Nodal micrometastasis is one rationale for aggressive lymph node removal [33]. Immunohistochemical and molecular studies of resected nodes showed association of nodal micrometastasis with poor prognosis [30,31,32]. But, some studies on node-negative gastric cancer with 10–53% nodal micrometastasis rate failed to demonstrate survival difference between micrometastasis-positive and -negative groups [36, 37]. This may be due to the already favorable prognosis of early gastric cancer and because the micrometastasis-positive nodes were removed. The risk of nodal micrometastasis is correlated with tumor size and invasion depth and is more likely to occur in patients with lymph node metastases on conventional examination [32, 38, 39]. It is in the setting of intermediate-stage disease, therefore, where micrometastasis risk is high but systemic disease low that resection of more nodes may contribute to survival, as seen here.

A limitation in the clinical applicability of this study’s finding of improved survival with increased lymph node harvest in intermediate-stage disease is the accurate clinical identification of such patients. Preoperative and intraoperative assessment of nodal status is poorly correlated with pathologic nodal staging [40]. Hence, as mentioned in most gastric cancer guidelines, limited lymphadenectomy should be performed only in select group of T1N0 gastric cancer patients.

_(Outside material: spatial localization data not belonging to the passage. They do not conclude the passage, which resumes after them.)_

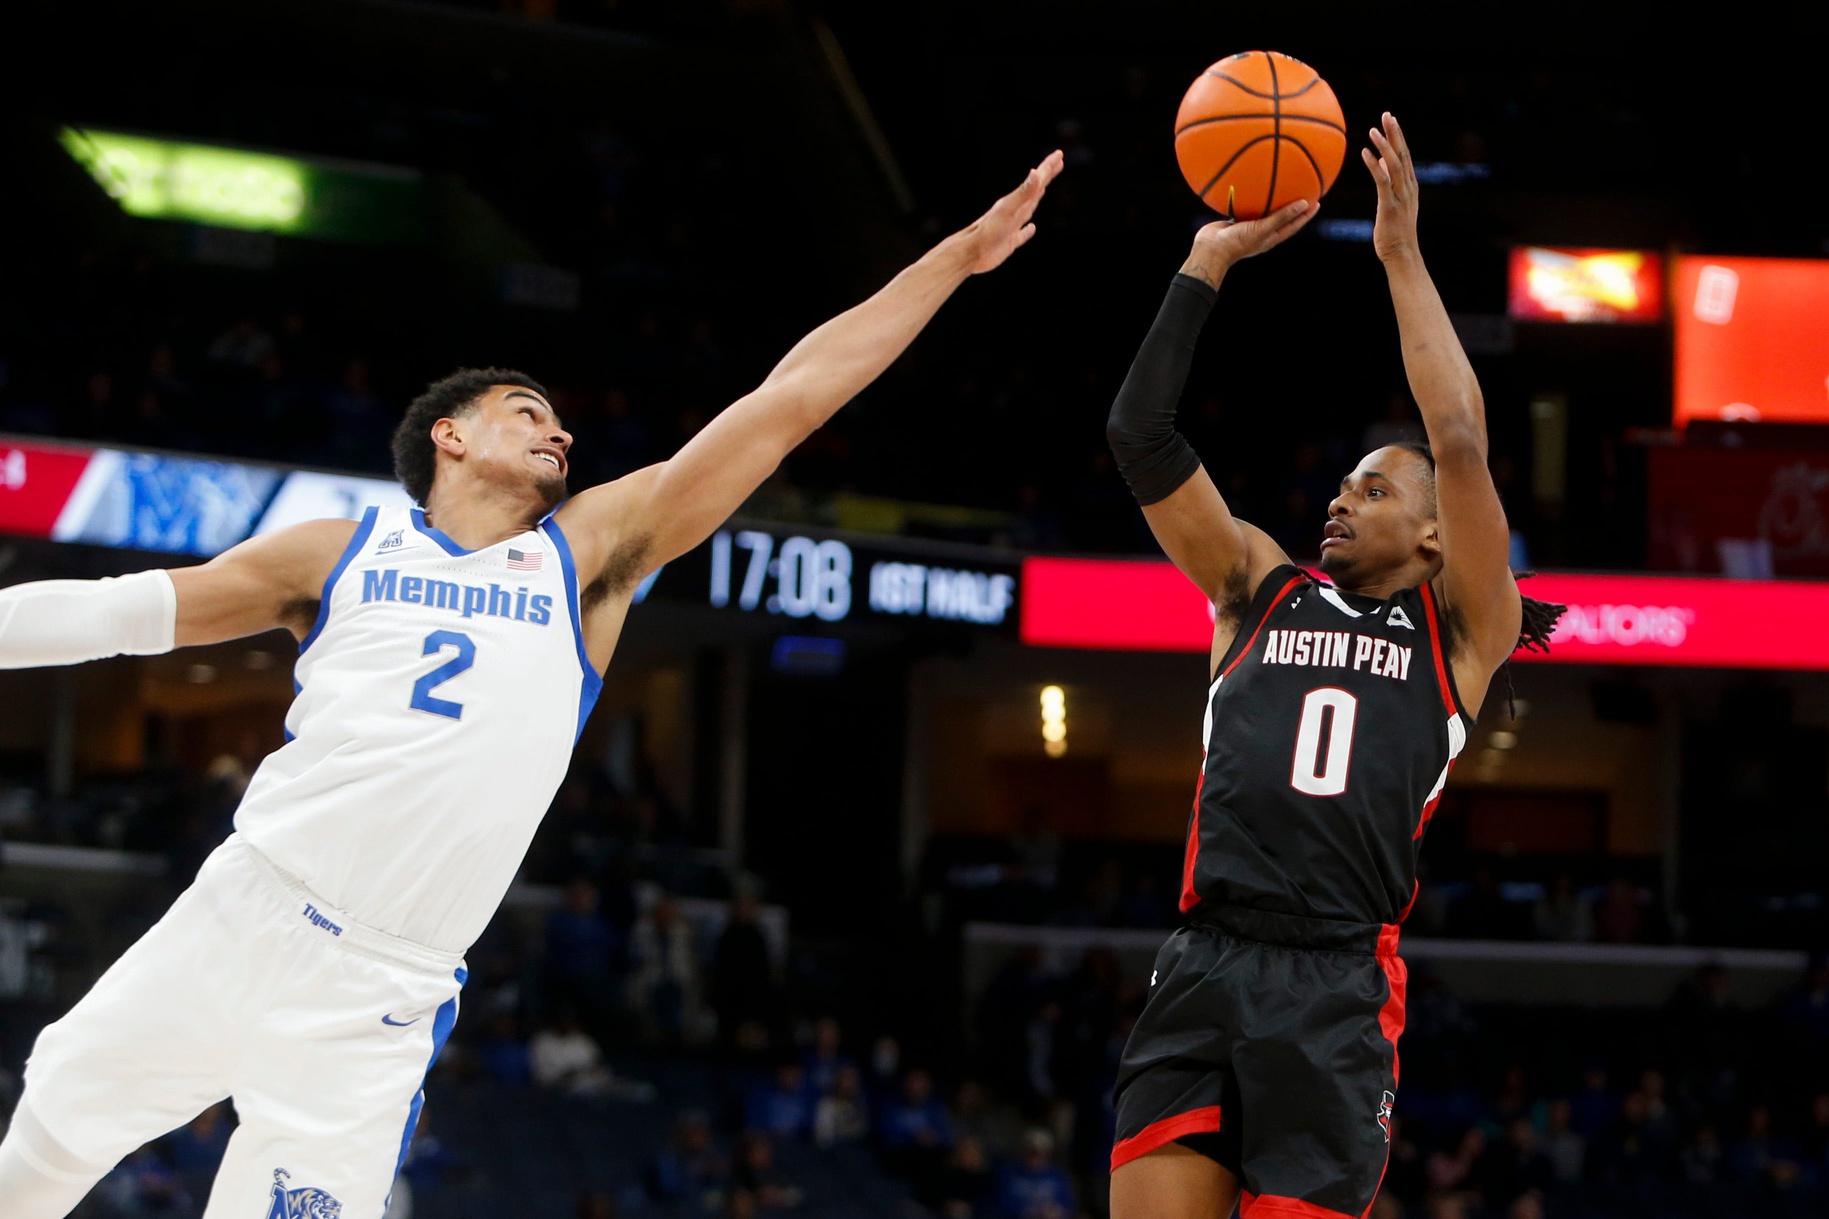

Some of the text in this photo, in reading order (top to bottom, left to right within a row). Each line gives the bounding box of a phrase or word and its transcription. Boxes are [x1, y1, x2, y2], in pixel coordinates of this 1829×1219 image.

[360, 568, 554, 627] Memphis
[711, 530, 852, 622] 17:08
[926, 567, 1015, 625] HALF
[1546, 603, 1690, 647] ALTORS
[408, 629, 477, 722] 2
[1262, 629, 1413, 681] AUSTIN PEAY
[1289, 685, 1359, 798] 0
[302, 902, 343, 937] Tigers

In our study, gastric cancer patients receiving neoadjuvant therapy were excluded from the analysis in an attempt to limit the potential confounding effect that neoadjuvant therapy may have on the ultimate number of lymph node harvested at the time of curative resection. However, there is no consensus in the literature as to whether or not the administration of neoadjuvant therapy for gastric cancer reduces the ultimate number of lymph nodes harvested at the time of curative resection [41, 42]. It is possible that our exclusion of gastric cancer patients receiving neoadjuvant therapy from our analysis could have been responsible for some portion of the survival advantage observed in intermediate stage disease patients with a greater number of lymph nodes harvested. This issue is of particular clinical interest in Western gastric cancer centers where neoadjuvant therapy is considered a standard of care for all patients except for those with very early stage disease [13, 14]. On the other hand, in Eastern gastric cancer centers, particularly in Japan and South Korea, where neoadjuvant therapy is not yet considered a standard of care, and for which only a small portion of gastric cancer patients receive neoadjuvant therapy, this issue is resultantly more difficult to assess.

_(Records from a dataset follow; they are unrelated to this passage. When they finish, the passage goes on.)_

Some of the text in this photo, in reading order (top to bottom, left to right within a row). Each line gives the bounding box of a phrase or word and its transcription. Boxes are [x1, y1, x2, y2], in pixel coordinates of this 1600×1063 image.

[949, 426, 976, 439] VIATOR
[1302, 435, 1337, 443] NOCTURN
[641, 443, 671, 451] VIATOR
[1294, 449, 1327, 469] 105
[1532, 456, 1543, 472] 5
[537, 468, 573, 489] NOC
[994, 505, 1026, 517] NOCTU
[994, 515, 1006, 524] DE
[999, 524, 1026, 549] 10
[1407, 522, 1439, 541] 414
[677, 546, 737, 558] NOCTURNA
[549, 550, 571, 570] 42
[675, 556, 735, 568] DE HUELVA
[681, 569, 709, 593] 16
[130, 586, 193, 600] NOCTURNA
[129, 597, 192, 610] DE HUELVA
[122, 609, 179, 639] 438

This study’s strengths that allowed for good assessment of therapeutic impact of greater nodal harvest on survival and minimization of stage migration effect include the: 1) large number of cases, 2) completeness of data and follow-up, 3) performance in high-volume specialist center with standardized treatment protocols, 4) adequacy of lymph node retrieval for staging, and 5) subgroup categories according to AJCC stage. However, the limitation of the study to a single Eastern institution may preclude generalizability of results particularly in Western centers.

Conclusion

In a high-volume gastric cancer center with standardized lymphadenectomy and retrieval of adequate number of lymph nodes for staging, removal of greater number of nodes may improve survival in patients with intermediate-stage disease.